In a recent study posted to the medRxiv* preprint server, researchers conducted cerebrospinal fluid (CSF) proteome profiling and identified CSF proteins involved in dementia with Lewy bodies (DLB).
Study: CSF proteome profiling reveals highly specific biomarkers for dementia with Lewy bodies. Image Credit: ChaNaWiT/Shutterstock.com
*Important notice: medRxiv publishes preliminary scientific reports that are not peer-reviewed and, therefore, should not be regarded as conclusive, guide clinical practice/health-related behavior, or treated as established information.
Background
DLB is the second most prevalent type of dementia in older people following Alzheimer's disease (AD). DLB's characteristics include parkinsonism, rapid eye movement, sleep behavior disorder, cognitive fluctuations, and visual hallucinations.
Due to the pathological and clinical similarities between DLB and AD, differential diagnosis can be difficult, leaving many DLB patients undiagnosed.
So far, only a few DLB biomarkers have been thoroughly studied. The intraneuronal buildup of α-synuclein (α-syn) in the neocortical Lewy bodies is a pathological feature of DLB. Nevertheless, α-syn pathology is not exclusive to DLB patients; it can also be present in over 40% of AD patients.
The crucial CSF biomarkers for AD diagnosis, including total tau (tTau), phosphorylated tau (pTau), and amyloid β peptide (Aβ1-42), have also been shown to have inadequate diagnostic specificity for differentiating DLB from AD because they are abnormal in around 25% to 40% of DLB cases.
Overall, additional markers indicating unique, different, and specific elements of the DLB pathophysiology are required and may be beneficial in various contexts in both trial and clinical settings.
About the study
In the current study, the investigators aimed to determine specific CSF proteomic variations that underpin DLB and to validate and develop multiplex biomarker assays that might help in the precise DLB diagnosis.
To achieve this, the team leveraged a high-throughput proteomics method termed immune-based proximity extension assay (PEA) to evaluate a large cohort of AD patients, DLB patients, and controls.
The study sample consisted of 235 AD patients, 109 DLB patients, and 190 controls. The researchers measured the levels of 92 CSF proteins in the samples using a panel of 92 protein assays. Subsequently, they employed statistical techniques to pinpoint proteins whose expression varied between the AD, DLB, and control groups.
Additionally, the investigators established a custom CSF biomarker panel with just seven DLB markers identified from the study, possessing superior performance in differentiating DLB from AD.
They validated six of these indicators' custom multiplex assay performance across two independent cohorts and an autopsy cohort. The biomarker panel was developed using random forest models and logistic regression, and their performance was assessed using receiver operating characteristic (ROC) curve analysis.
Results
Over 50 CSF proteins that were dysregulated in DLB were found in the study, many of which were associated with myelination processes. Myelin damage may be involved in the pathogenesis of DLB, as shown by the dysregulation of myelination-associated proteins.

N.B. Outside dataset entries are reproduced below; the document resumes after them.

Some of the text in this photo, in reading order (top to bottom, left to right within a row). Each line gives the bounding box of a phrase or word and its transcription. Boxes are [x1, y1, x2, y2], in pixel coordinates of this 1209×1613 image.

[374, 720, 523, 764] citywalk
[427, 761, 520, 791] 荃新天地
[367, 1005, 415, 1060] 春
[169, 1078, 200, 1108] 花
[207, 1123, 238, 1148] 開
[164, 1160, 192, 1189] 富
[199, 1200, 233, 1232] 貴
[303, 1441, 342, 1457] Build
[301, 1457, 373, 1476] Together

The enzyme L-amino acid decarboxylase (DDC), which is involved in the biosynthesis of dopamine, was discovered to be the most strongly dysregulated protein in DLB and to be very accurate in differentiating DLB from controls and AD patients. The dysregulation of DDC indicates that DLB may have altered dopamine metabolism.
Further, the team developed a custom CSF biomarker panel for seven identified indicators more effectively distinguish DLB from AD.

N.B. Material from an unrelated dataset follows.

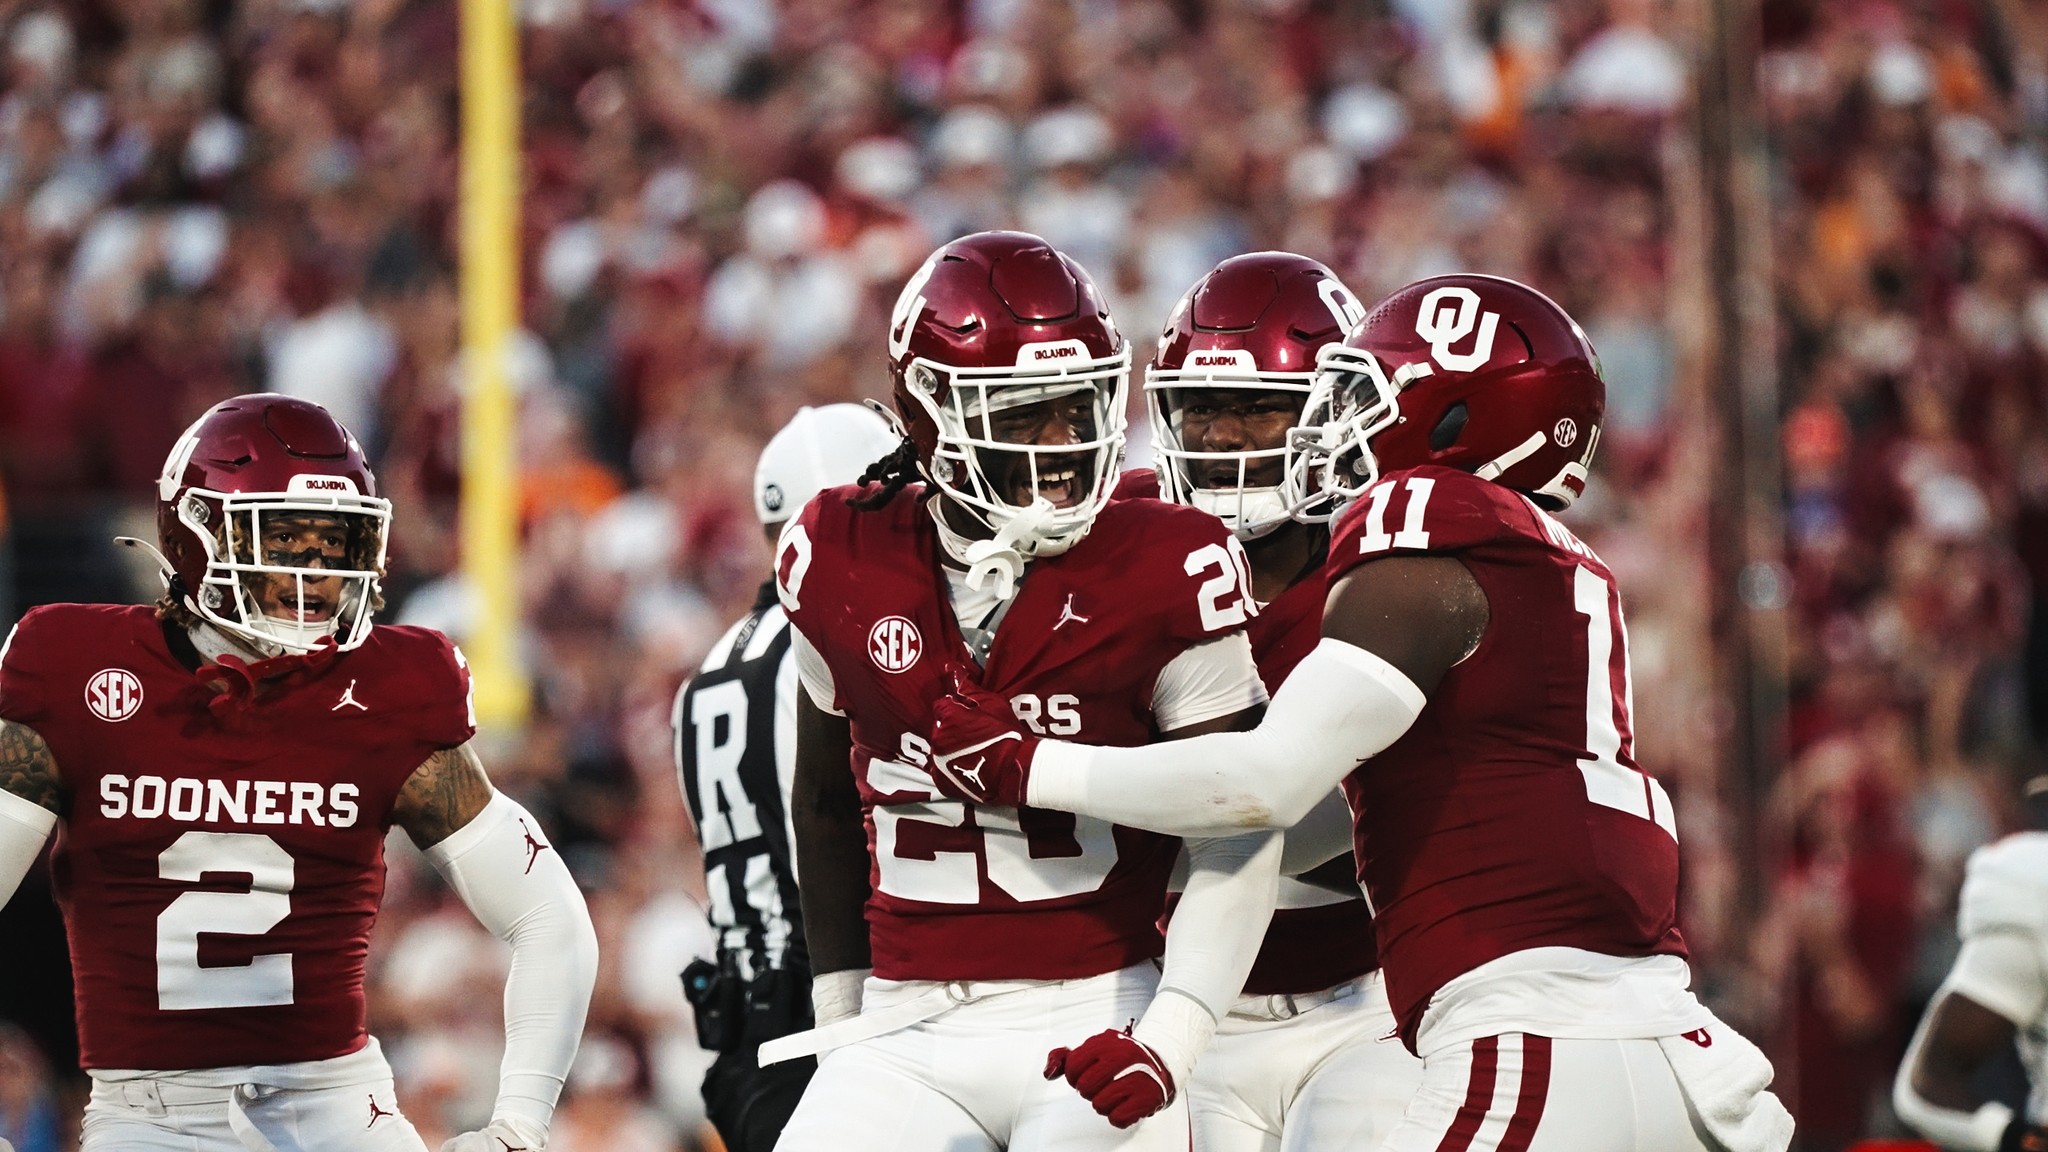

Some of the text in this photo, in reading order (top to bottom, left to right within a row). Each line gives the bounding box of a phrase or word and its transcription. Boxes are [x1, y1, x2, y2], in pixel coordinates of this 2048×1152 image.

The custom multiplex assays for six of the discovered biomarkers, namely CRH, DDC, MMP-3, MMP-10, ABL1, and THOP1, were able to identify DLB cases in various independent cohorts with excellent accuracy, opening up novel testing options for clinical trials and diagnostic settings.
Conclusions
The study's findings offer novel insights into the molecular pathways underlying the pathogenesis of DLB and indicate compelling biomarker candidates for the precise diagnosis of DLB. The research also emphasizes the possibility of high-throughput proteomics and machine-learning methods for biomarker identification and diagnostic tool development for neurodegenerative illnesses.
The study results imply that dopamine metabolism and myelin damage may be involved in the pathogenesis of DLB. The study could inspire the development of novel therapies that focus on these pathways.
The research findings have significant clinical ramifications since the identification of specific biomarkers for DLB might help in the precise disease diagnosis, which is frequently misdiagnosed as Parkinson's disease or AD.
While the study offers promising biomarkers candidates for the specific diagnosis of DLB, more research is required to confirm these findings in more diverse and larger patient populations and to explore the potential of these biomarkers for tracking the progression of the disease, differential diagnosis, and treatment response.
*Important notice: medRxiv publishes preliminary scientific reports that are not peer-reviewed and, therefore, should not be regarded as conclusive, guide clinical practice/health-related behavior, or treated as established information.